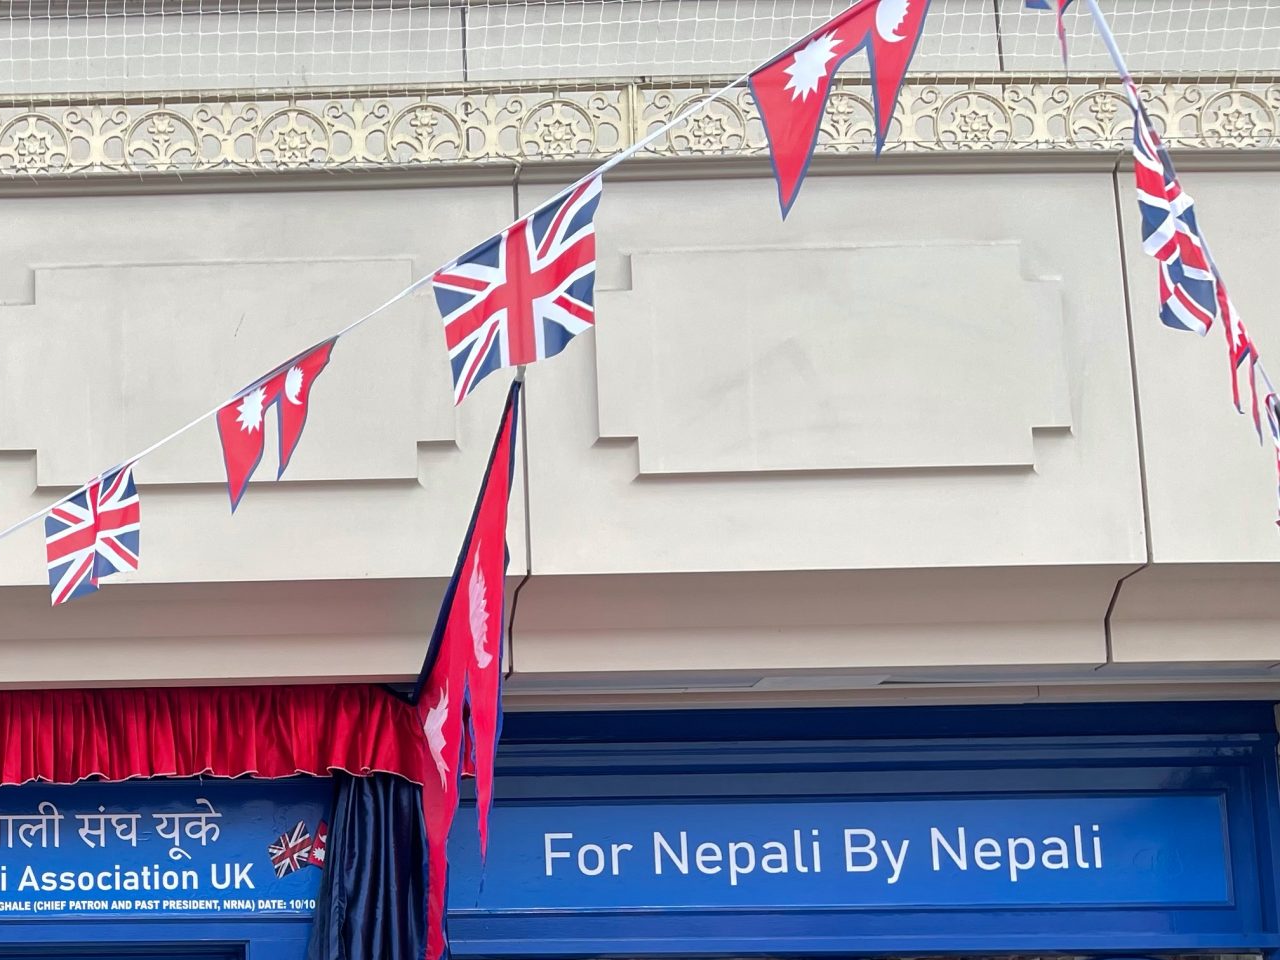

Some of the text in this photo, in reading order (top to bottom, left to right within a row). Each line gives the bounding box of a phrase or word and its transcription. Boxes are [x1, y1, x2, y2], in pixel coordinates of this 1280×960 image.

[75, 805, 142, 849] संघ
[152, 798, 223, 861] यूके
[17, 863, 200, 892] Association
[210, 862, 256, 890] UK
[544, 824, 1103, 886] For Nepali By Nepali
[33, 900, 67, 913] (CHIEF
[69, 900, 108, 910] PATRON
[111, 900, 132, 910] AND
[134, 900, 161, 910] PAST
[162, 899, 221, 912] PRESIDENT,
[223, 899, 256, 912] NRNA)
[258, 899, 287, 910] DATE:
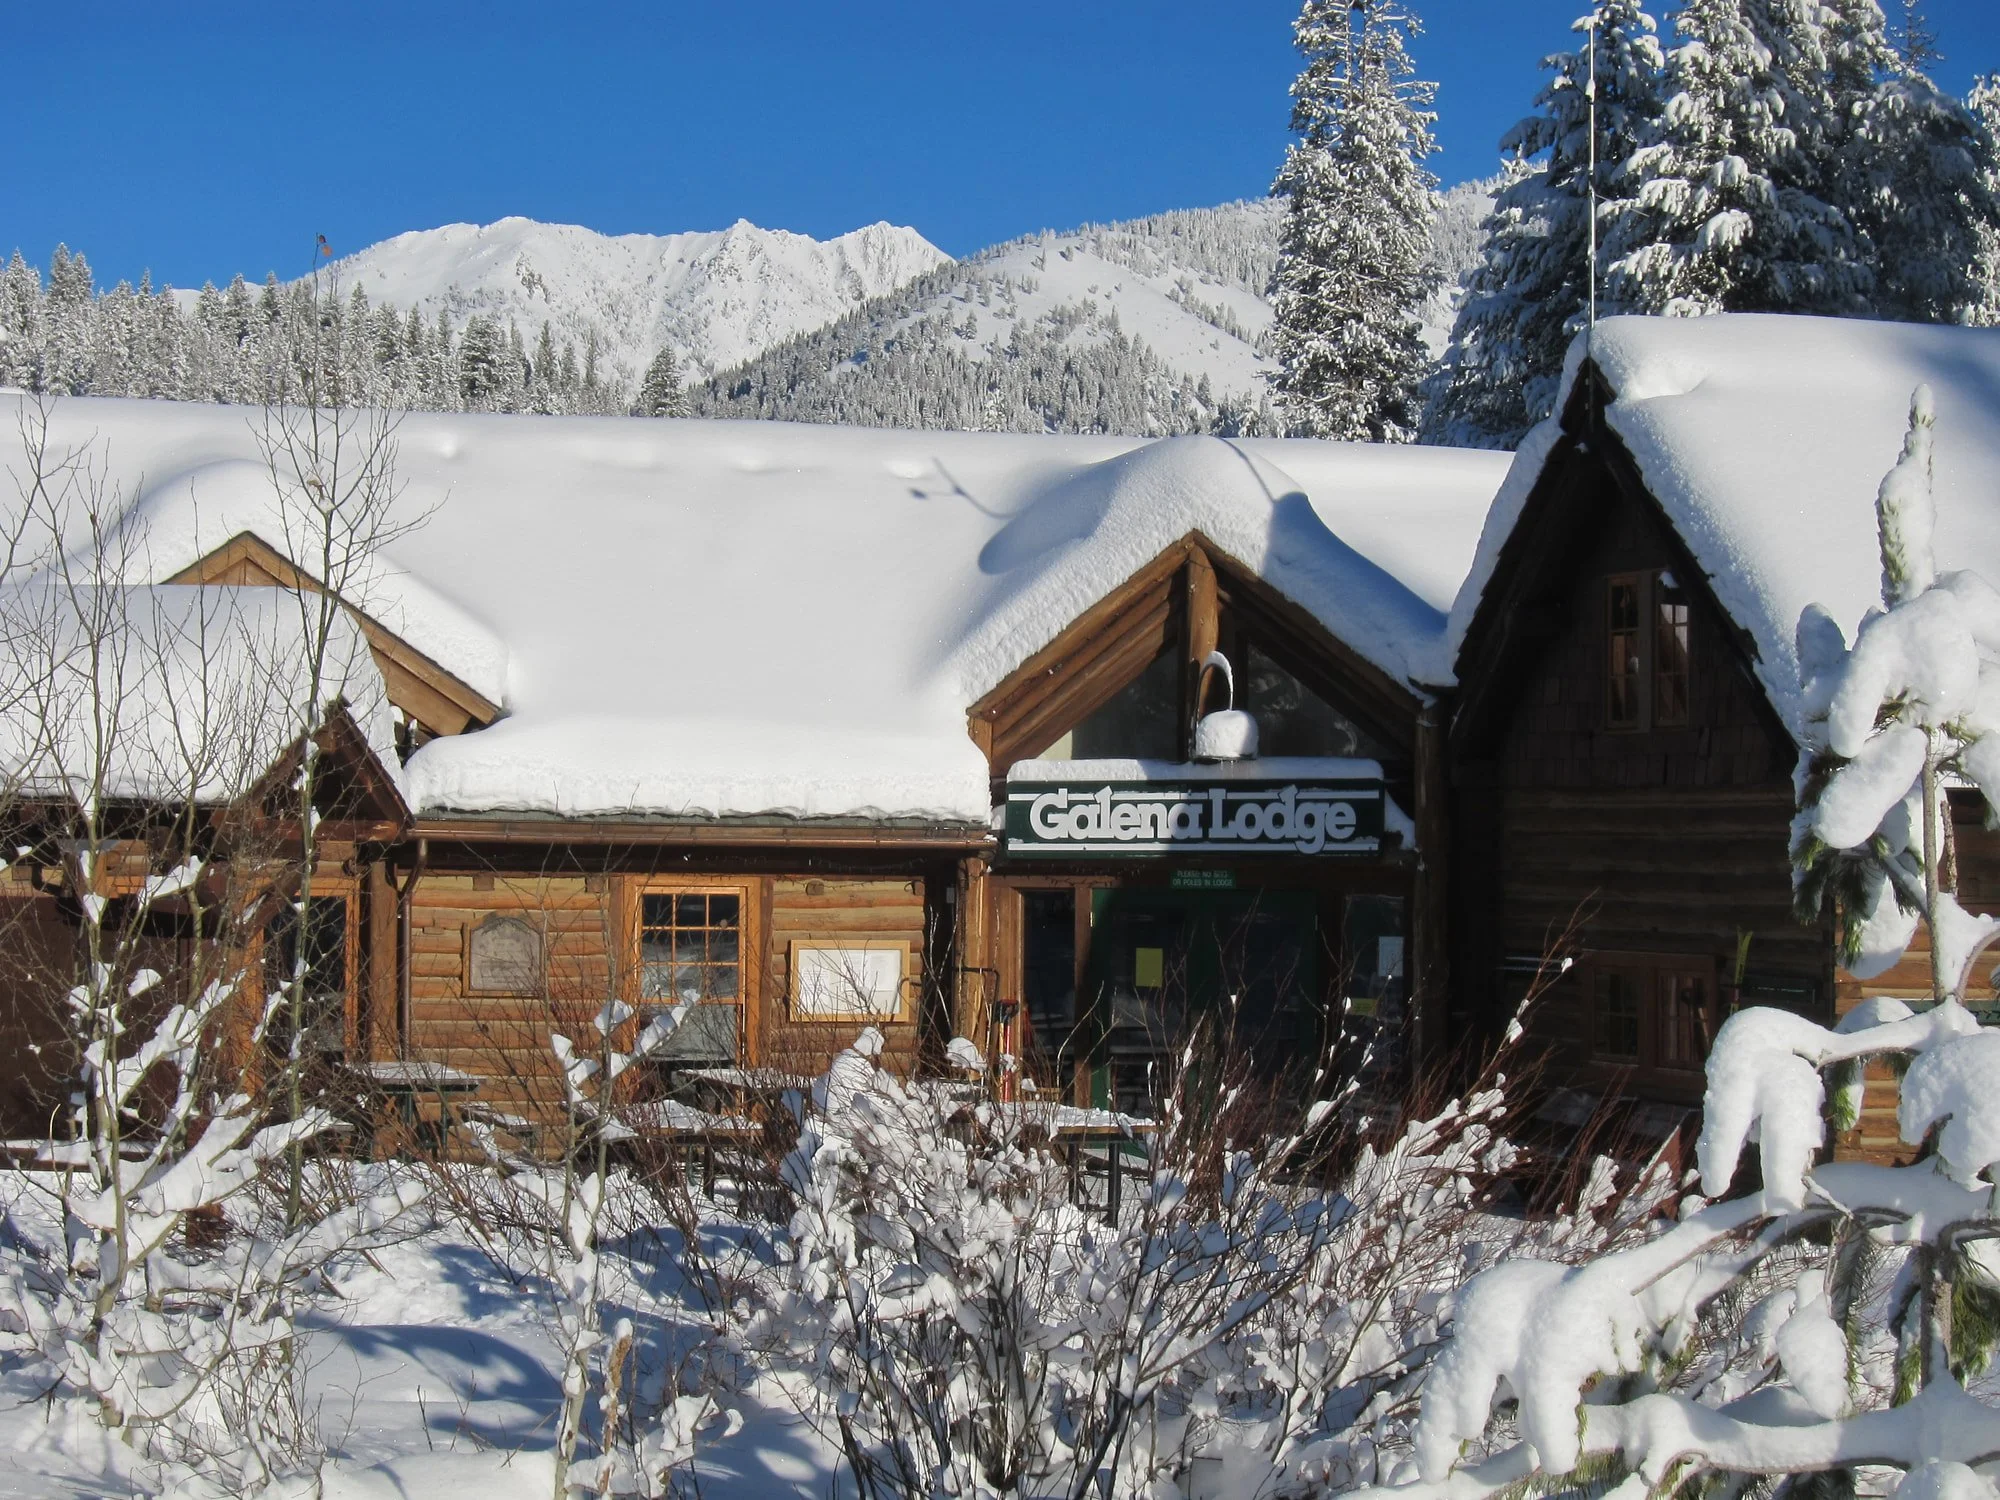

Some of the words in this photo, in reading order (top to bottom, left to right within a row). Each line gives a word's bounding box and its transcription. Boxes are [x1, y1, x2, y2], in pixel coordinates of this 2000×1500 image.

* * *

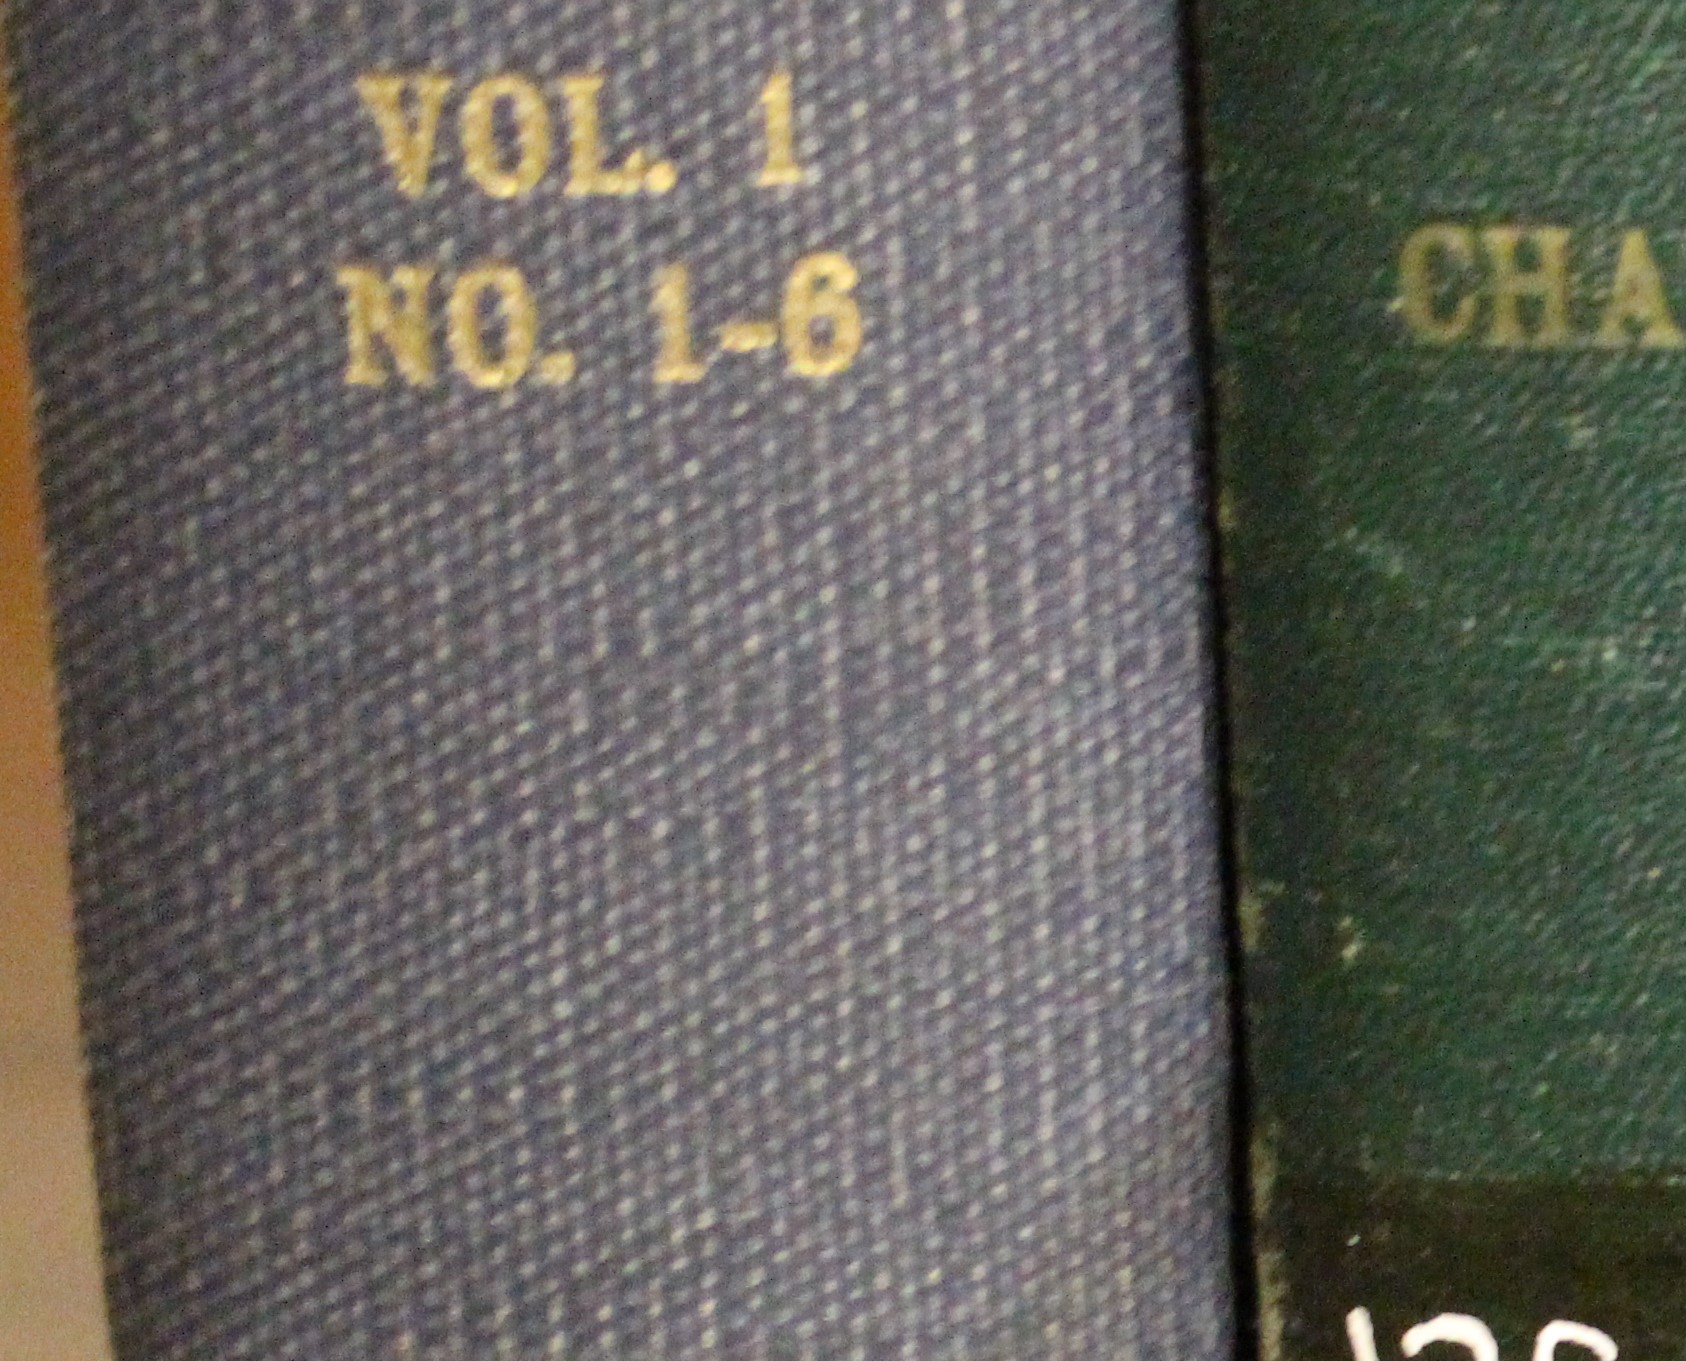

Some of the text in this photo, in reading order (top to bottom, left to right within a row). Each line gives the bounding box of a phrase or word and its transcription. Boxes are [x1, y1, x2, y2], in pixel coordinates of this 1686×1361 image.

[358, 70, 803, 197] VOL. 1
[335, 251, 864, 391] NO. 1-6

__THE PROBLEM__
Although the records above contain pictures, the copy must not; set down exactly the lines from the one with "this 1280×960 image." up to and including the one with "Some of the words".

__OUTPUT FOR THIS TASK__
Some of the text in this photo, in reading order (top to bottom, left to right within a row). Each line gives the bounding box of a phrase or word and its transcription. Boxes are [x1, y1, x2, y2], in pixel coordinates of this 1280×960 image.

[75, 805, 142, 849] संघ
[152, 798, 223, 861] यूके
[17, 863, 200, 892] Association
[210, 862, 256, 890] UK
[544, 824, 1103, 886] For Nepali By Nepali
[33, 900, 67, 913] (CHIEF
[69, 900, 108, 910] PATRON
[111, 900, 132, 910] AND
[134, 900, 161, 910] PAST
[162, 899, 221, 912] PRESIDENT,
[223, 899, 256, 912] NRNA)
[258, 899, 287, 910] DATE:

Some of the words in this photo, in reading order (top to bottom, left to right within a row). Each line gives a word's bounding box and its transcription. Boxes are [x1, y1, x2, y2], in pixel coordinates of this 2000×1500 image.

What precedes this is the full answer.